*TASK TO CARRY OUT:*
Without including any picture, transcribe the entries below word for word.

+++ STUDY MATERIAL +++

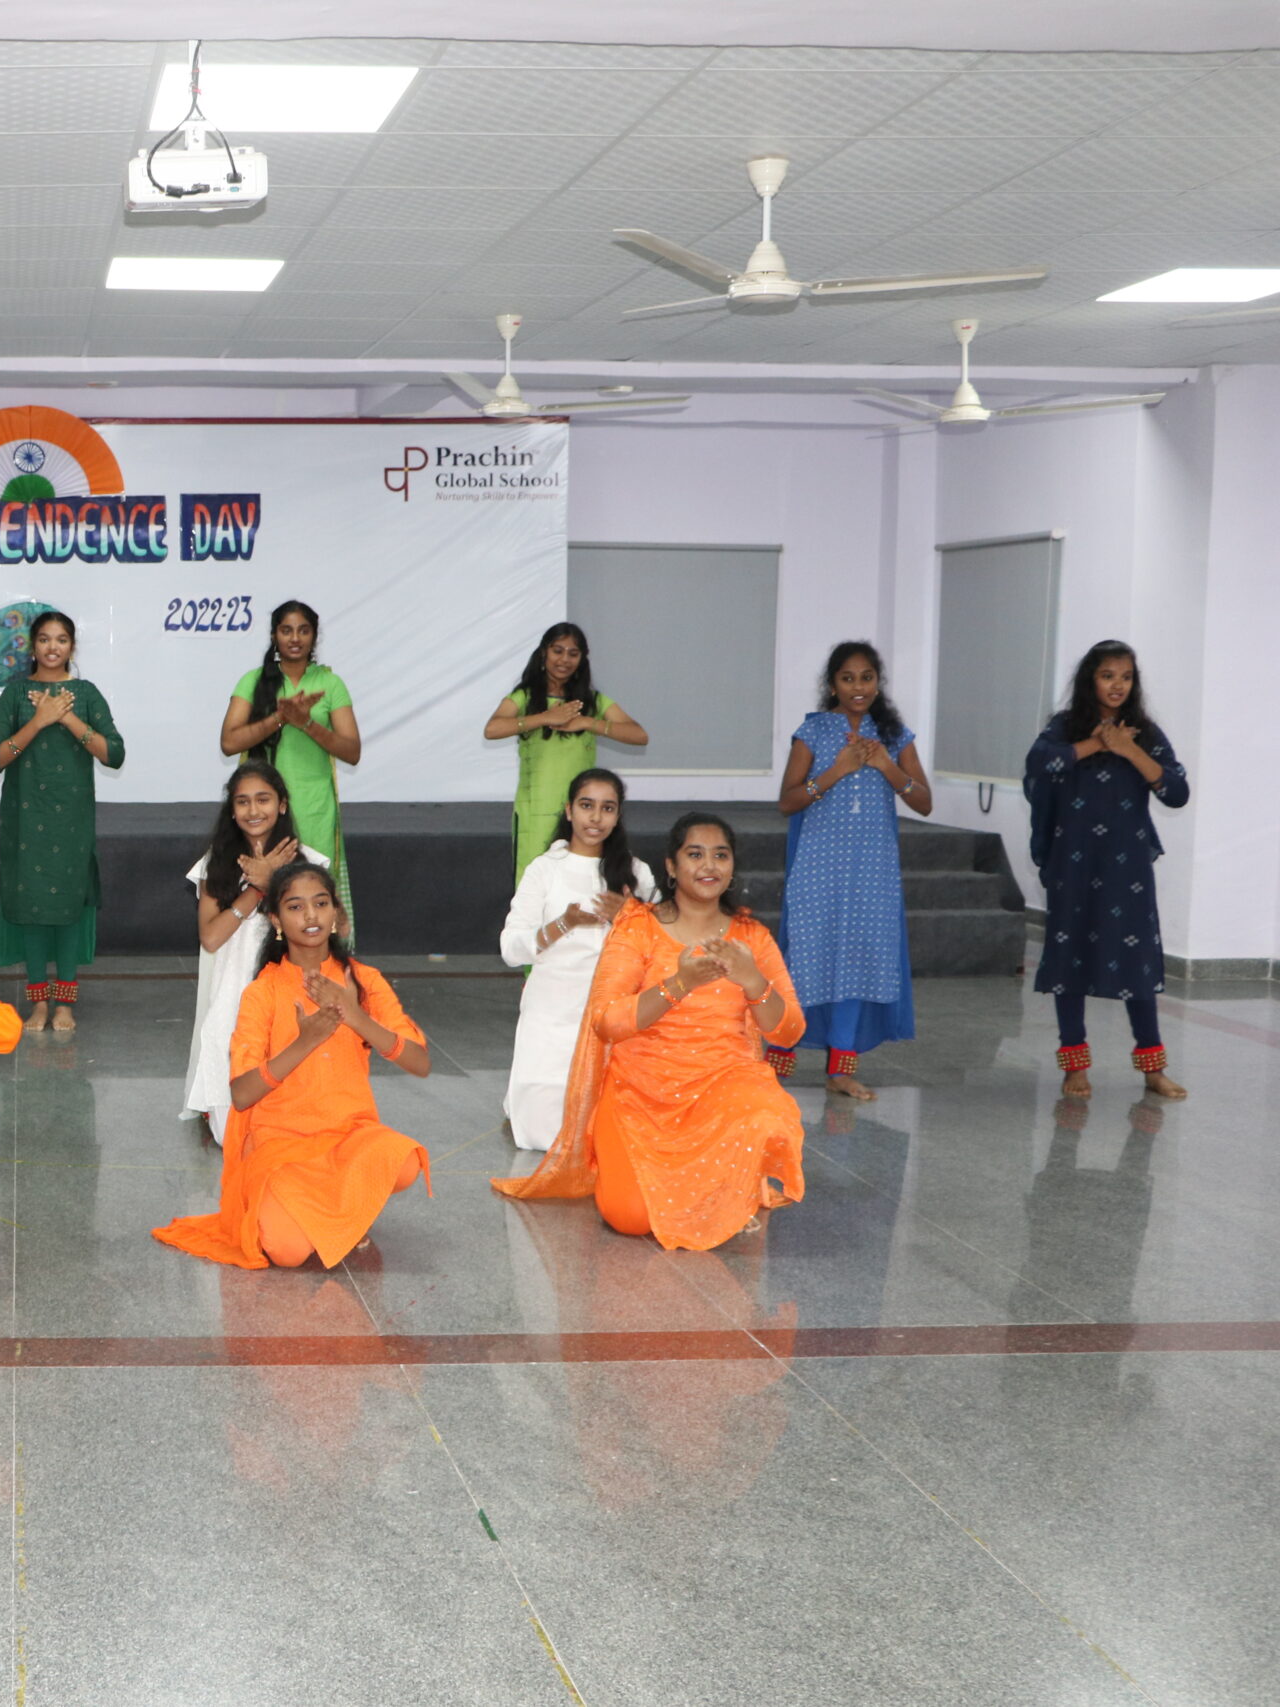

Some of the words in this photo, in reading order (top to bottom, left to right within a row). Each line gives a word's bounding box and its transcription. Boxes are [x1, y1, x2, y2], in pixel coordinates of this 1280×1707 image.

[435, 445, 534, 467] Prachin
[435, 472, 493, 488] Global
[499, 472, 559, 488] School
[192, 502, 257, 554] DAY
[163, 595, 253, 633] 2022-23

+++

*TASK SOLUTION:*
Some of the words in this photo, in reading order (top to bottom, left to right within a row). Each line gives a word's bounding box and its transcription. Boxes are [x1, y1, x2, y2], in pixel coordinates of this 1280×1707 image.

[435, 445, 534, 467] Prachin
[435, 472, 493, 488] Global
[499, 472, 559, 488] School
[192, 502, 257, 554] DAY
[163, 595, 253, 633] 2022-23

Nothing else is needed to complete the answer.